- _ABOUT THIS TASK_
Here the job is to copy the data exactly and to exclude every image from it.

(Referring expression grounding data)
• • • •

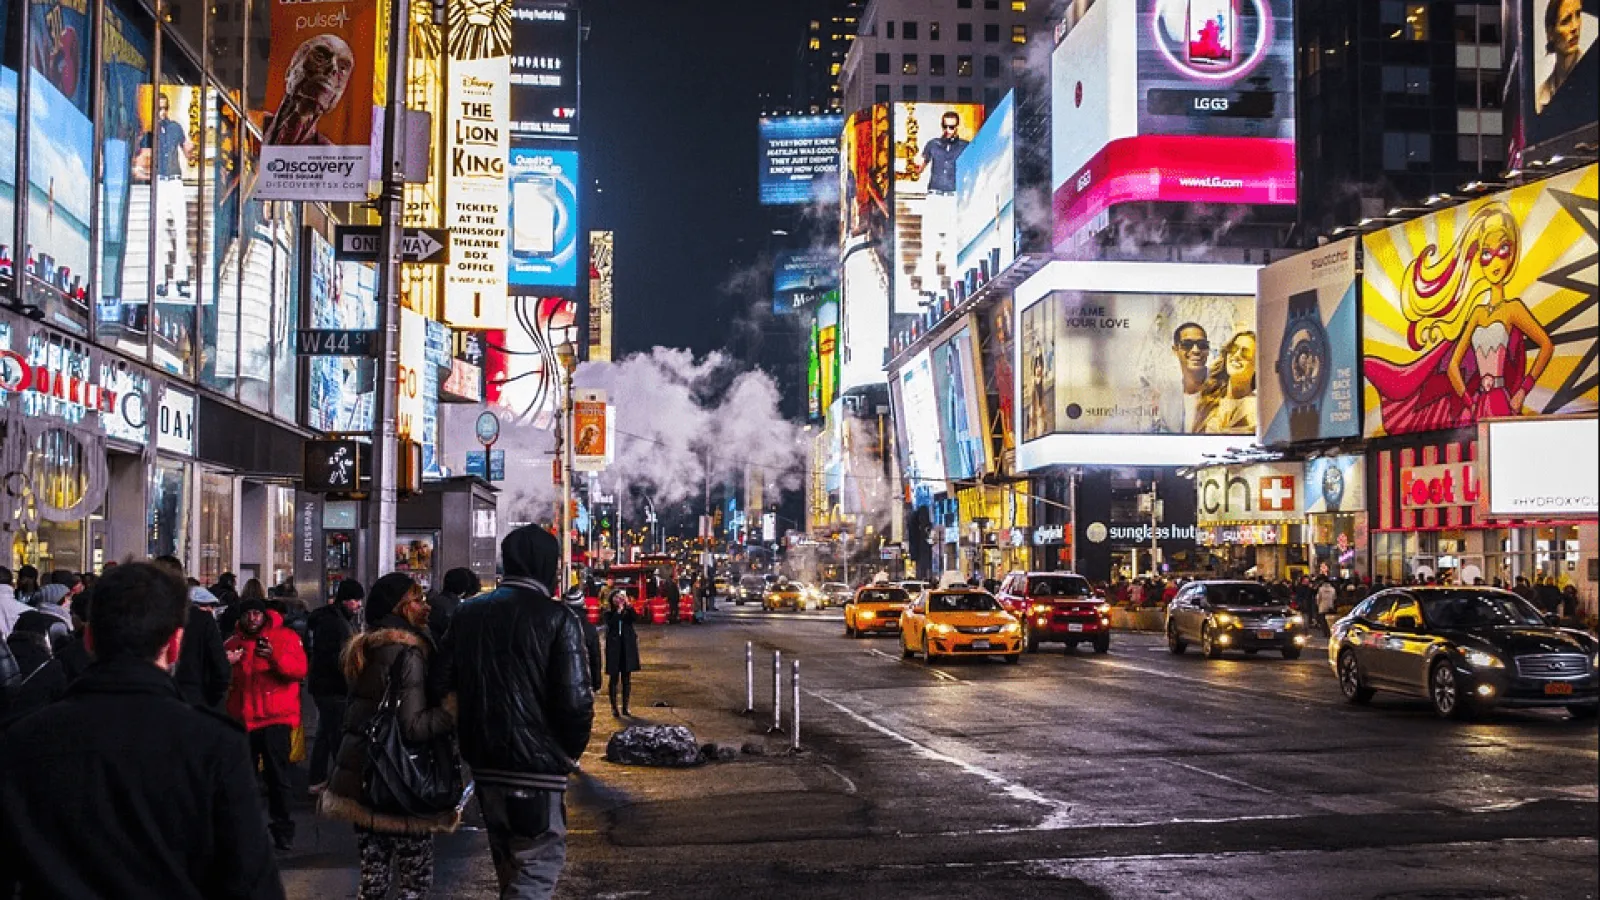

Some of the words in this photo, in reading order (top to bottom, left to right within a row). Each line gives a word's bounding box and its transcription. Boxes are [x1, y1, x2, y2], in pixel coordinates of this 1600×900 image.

[461, 101, 492, 117] THE
[1195, 98, 1209, 109] LG
[1211, 98, 1228, 110] G3
[456, 119, 498, 145] LION
[453, 147, 504, 177] KING
[456, 203, 498, 213] TICKETS
[459, 215, 471, 223] AT
[476, 216, 495, 224] THE
[449, 226, 505, 236] MINSKOFF
[453, 238, 500, 248] THEATRE
[464, 251, 488, 259] BOX
[458, 263, 494, 271] OFFICE
[1066, 318, 1096, 329] YOUR
[1100, 318, 1130, 329] LOVE
[302, 333, 321, 352] W
[324, 333, 350, 352] 44
[36, 366, 118, 414] OAKLEY
[1402, 469, 1454, 505] Foot
[304, 502, 314, 561] Newsstand
[1171, 523, 1195, 539] hut
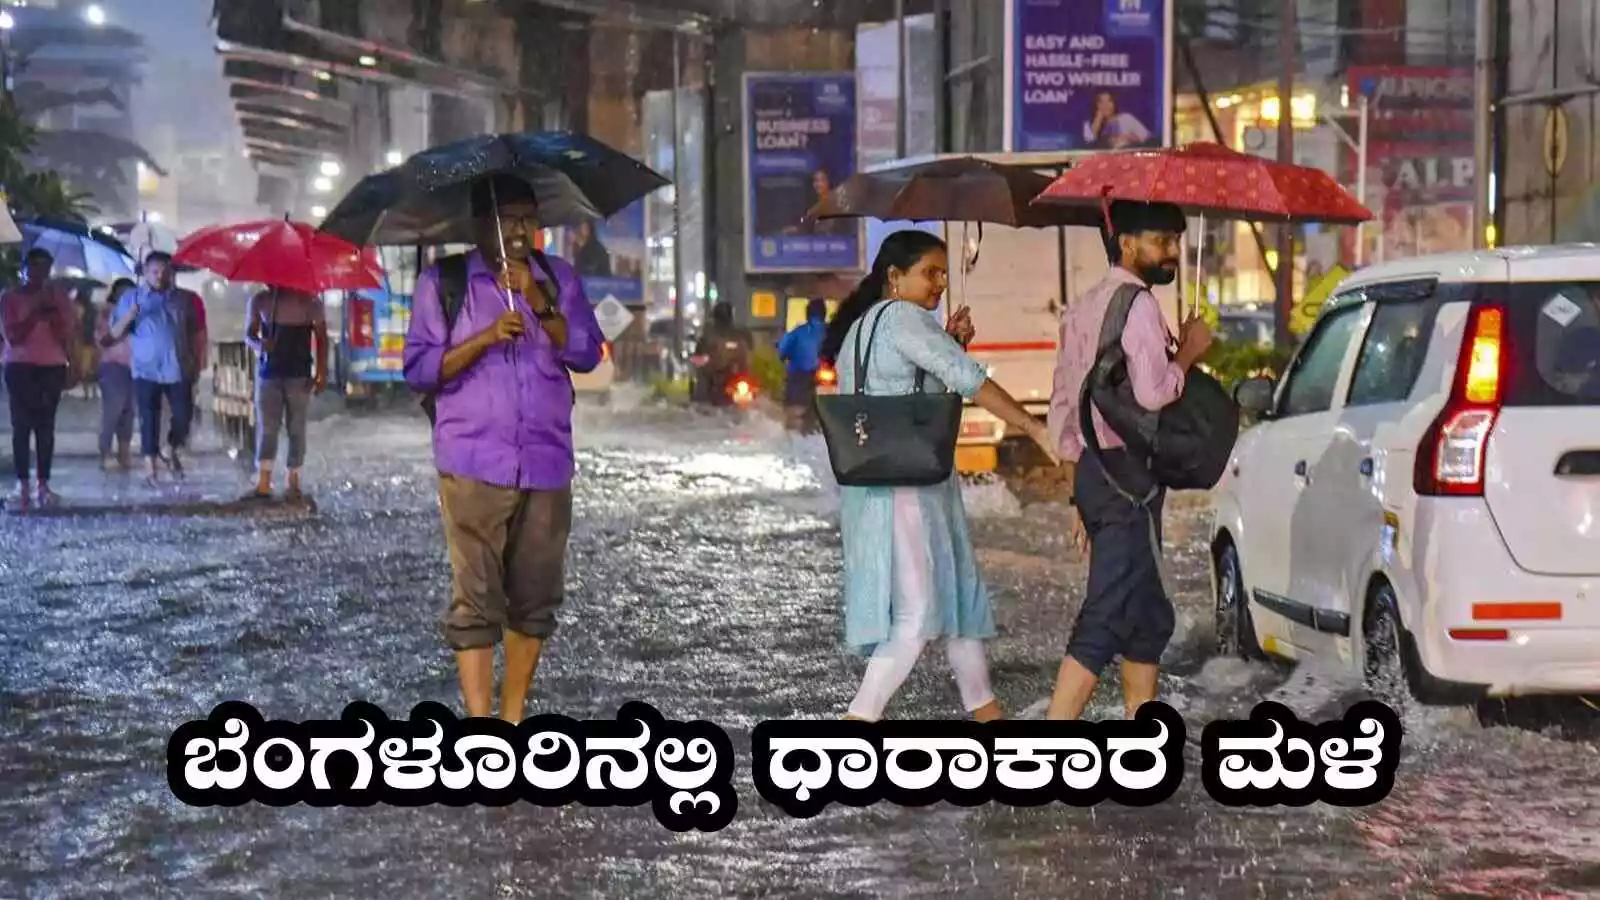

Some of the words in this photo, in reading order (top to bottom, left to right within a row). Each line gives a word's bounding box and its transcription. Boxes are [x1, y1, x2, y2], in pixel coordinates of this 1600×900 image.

[1024, 35, 1066, 50] EASY
[1069, 35, 1105, 50] AND
[1025, 53, 1129, 68] HASSLE-FREE
[1025, 71, 1065, 86] TWO
[1068, 71, 1141, 86] WHEELER
[756, 118, 831, 134] BUSINESS
[756, 134, 808, 150] LOAN?
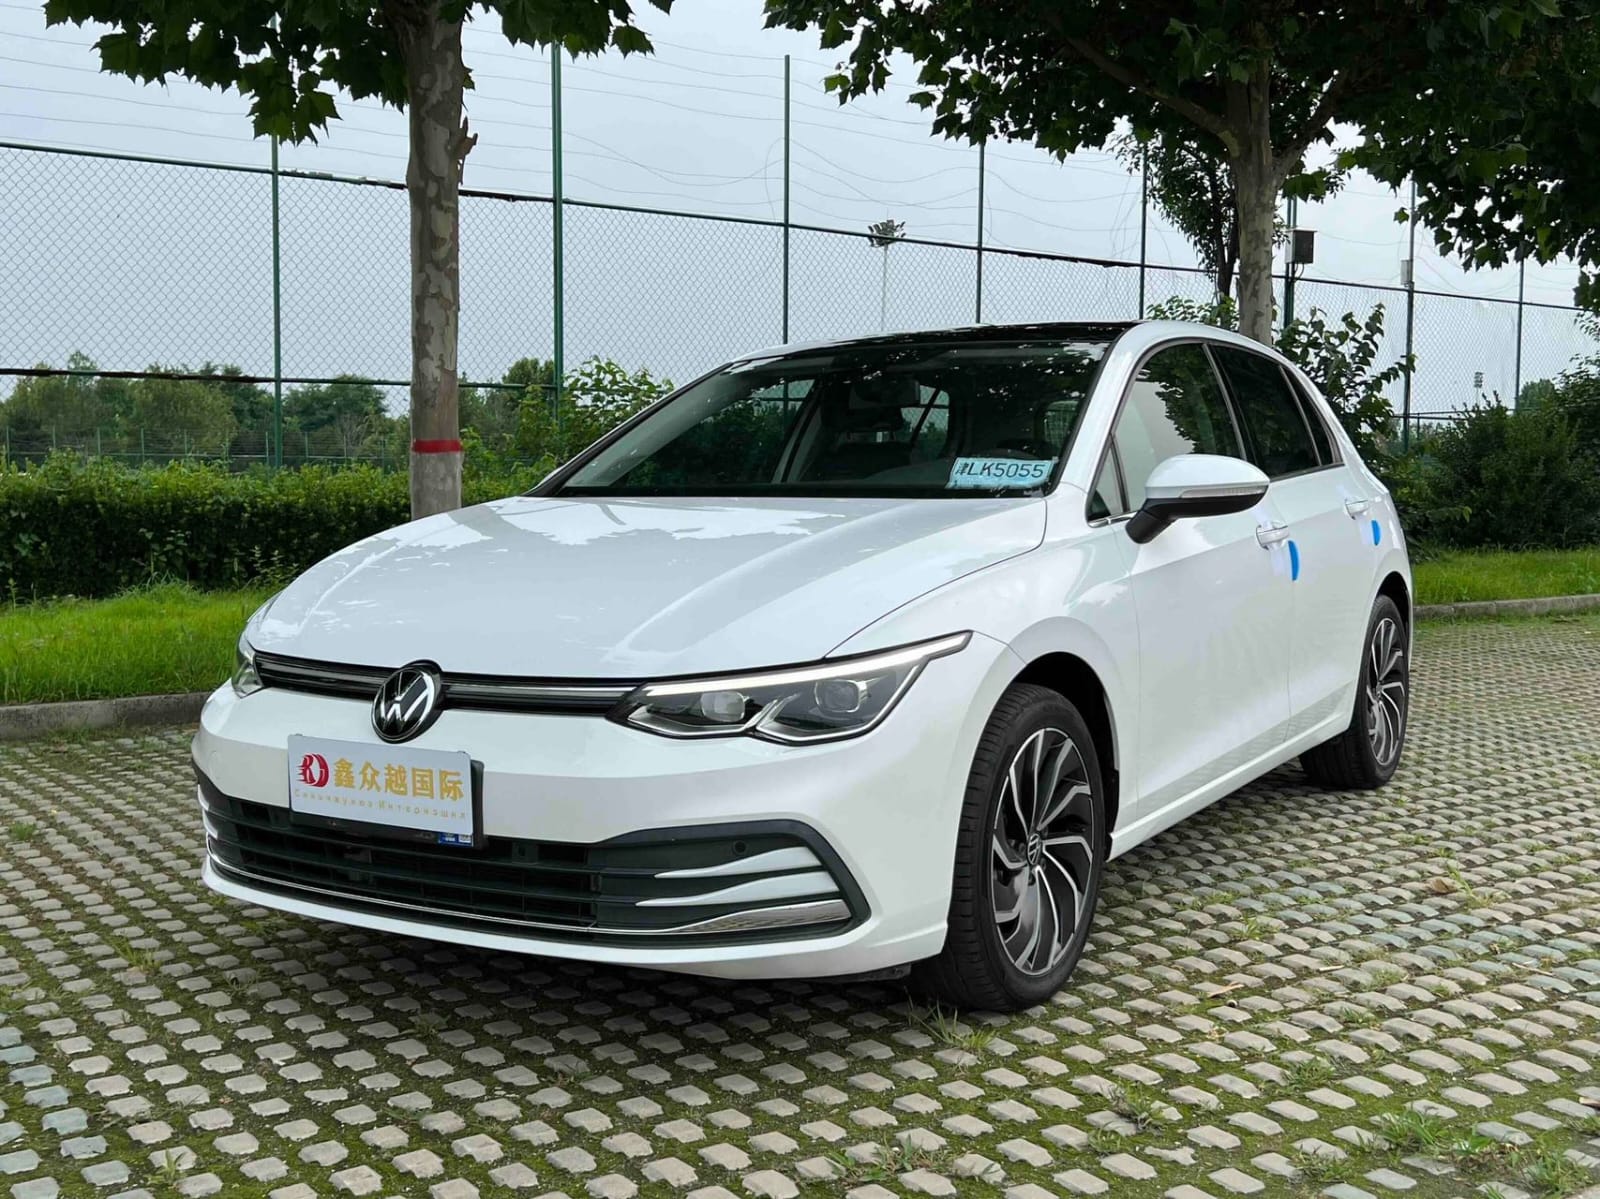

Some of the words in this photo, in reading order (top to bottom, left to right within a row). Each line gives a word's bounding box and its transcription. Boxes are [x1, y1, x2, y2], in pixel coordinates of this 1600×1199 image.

[334, 758, 464, 801] 鑫众越国际

• • • •

- _ANSWER SPACE_
Some of the words in this photo, in reading order (top to bottom, left to right within a row). Each line gives a word's bounding box and its transcription. Boxes are [x1, y1, x2, y2], in pixel coordinates of this 1600×900 image.

[461, 101, 492, 117] THE
[1195, 98, 1209, 109] LG
[1211, 98, 1228, 110] G3
[456, 119, 498, 145] LION
[453, 147, 504, 177] KING
[456, 203, 498, 213] TICKETS
[459, 215, 471, 223] AT
[476, 216, 495, 224] THE
[449, 226, 505, 236] MINSKOFF
[453, 238, 500, 248] THEATRE
[464, 251, 488, 259] BOX
[458, 263, 494, 271] OFFICE
[1066, 318, 1096, 329] YOUR
[1100, 318, 1130, 329] LOVE
[302, 333, 321, 352] W
[324, 333, 350, 352] 44
[36, 366, 118, 414] OAKLEY
[1402, 469, 1454, 505] Foot
[304, 502, 314, 561] Newsstand
[1171, 523, 1195, 539] hut

Some of the words in this photo, in reading order (top to bottom, left to right within a row). Each line gives a word's bounding box and its transcription. Boxes are [x1, y1, x2, y2], in pixel coordinates of this 1600×900 image.

[1024, 35, 1066, 50] EASY
[1069, 35, 1105, 50] AND
[1025, 53, 1129, 68] HASSLE-FREE
[1025, 71, 1065, 86] TWO
[1068, 71, 1141, 86] WHEELER
[756, 118, 831, 134] BUSINESS
[756, 134, 808, 150] LOAN?

Some of the words in this photo, in reading order (top to bottom, left to right within a row). Each line gives a word's bounding box and its transcription. Boxes are [x1, y1, x2, y2], in pixel coordinates of this 1600×1199 image.

[334, 758, 464, 801] 鑫众越国际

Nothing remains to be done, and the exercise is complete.